I recently bought a HIGH-Z S-1400/T-105 CNC ROUTER my first CNC router.
Like to see if there are any CNC STEP High-Z / T-series owners here?

Grtx Rick


----------



## Raincheck.ie (Dec 11, 2020)

Got it up and running,

Still have to hide the cables and make an enclosure for the controller to protect it from dust and cooling and so on.


----------



## TimPa (Jan 4, 2011)

up and running is a big hurdle, congratulations! looking forward to your projects...
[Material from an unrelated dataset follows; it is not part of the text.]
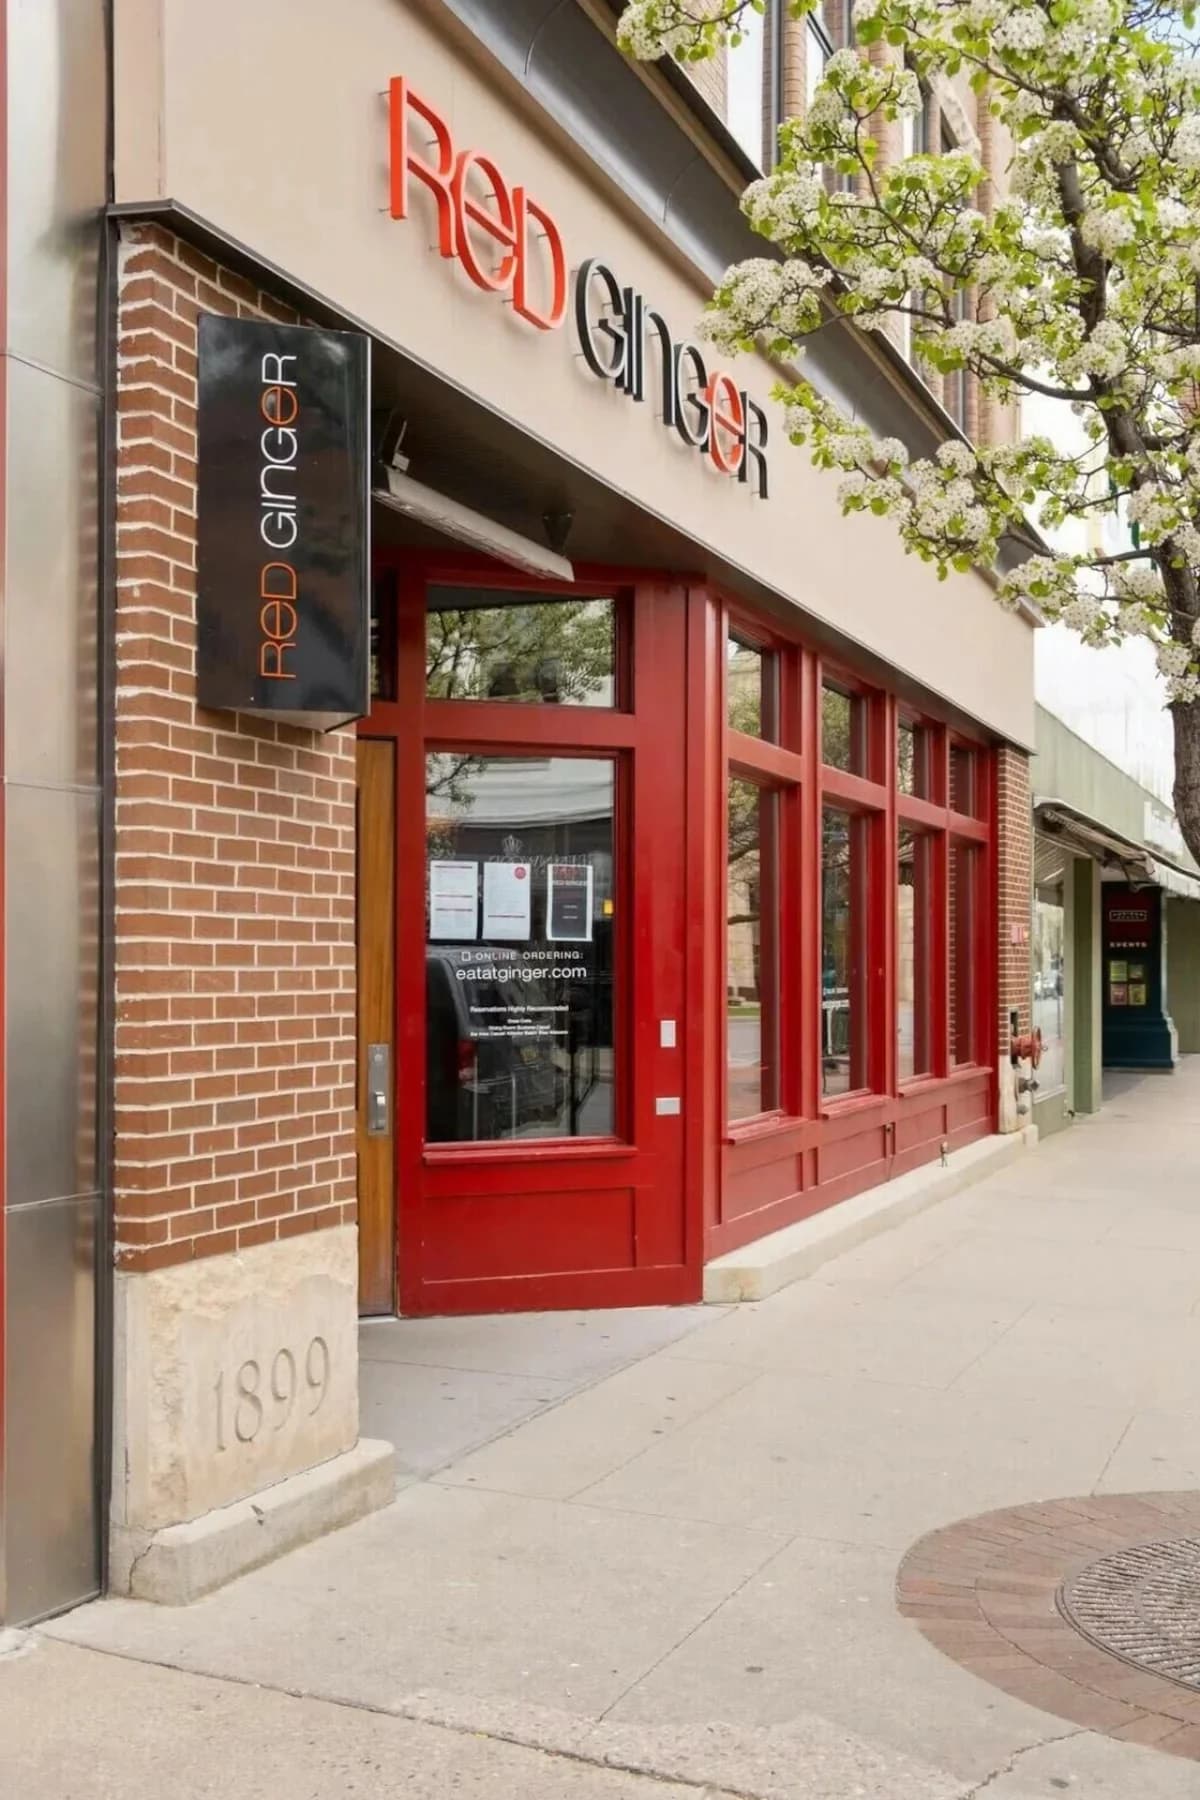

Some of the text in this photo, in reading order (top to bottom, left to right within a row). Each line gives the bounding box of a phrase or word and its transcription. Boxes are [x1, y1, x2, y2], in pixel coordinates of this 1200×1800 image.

[474, 951, 584, 961] ONLINE ORDERING:
[456, 965, 587, 983] eatatginger.com
[213, 1335, 330, 1453] 1899
i also like the shields on the sides


----------



## Raincheck.ie (Dec 11, 2020)

TimPa thanx for your comment,

Baby steps ... finally I was able to export a shape from Autodesk 3DS MAX(CAD) --> import into Vectrix Aspire to create & save a toolpath(CAM) (Post Processor KinetiC-NC)
Open this .nc file in the KinetiC-NC Controller software and run some previews. Still have a view errors most likely due to the fact I didn't set a zero point yet. 
(Next task: how to set a zero point)



















Grtx Rian


----------



## Pro4824 (Oct 17, 2015)

Congratulations, I've been watching MTMWOOD running his for a while making cutting boards. That company was on my short list of machines.
We'll be waiting on project pictures and videos.....


----------



## Raincheck.ie (Dec 11, 2020)

Hiya,

Planing my laminated side gate before carving a design using the 
*CNC STEP High-Z / T-series *


----------



## difalkner (Jan 3, 2012)

Looks good but why is your feed rate so slow? You could probably cut three times faster than that.

How did it turn out?


----------



## Raincheck.ie (Dec 11, 2020)

difalkner said:


> Looks good but why is your feed rate so slow? You could probably cut three times faster than that.
> 
> How did it turn out?


Hi,

Why is he feed rate so slow? It's the first time I do this planing/surfacing on my CNC didn't want to force it 
It turned out super smooth on both sides (and yes I increased the feed rate 

Now I'm designing a organic pattern to carve out for the whole front of the door. 
Will keep you updated.

Thanks for you're reply


----------



## Raincheck.ie (Dec 11, 2020)

Just testing my GoPro and Mic for future projects...


----------



## Raincheck.ie (Dec 11, 2020)

Simple CNC test. Made this Cookie jar - radius of 250 mm & 9mm birch plywood, to test the limitation's of Kerf bending...


----------



## TimPa (Jan 4, 2011)

very interesting and clever design! you're going places... keep us updated!


----------



## Raincheck.ie (Dec 11, 2020)

TimPa said:


> very interesting and clever design! you're going places... keep us updated!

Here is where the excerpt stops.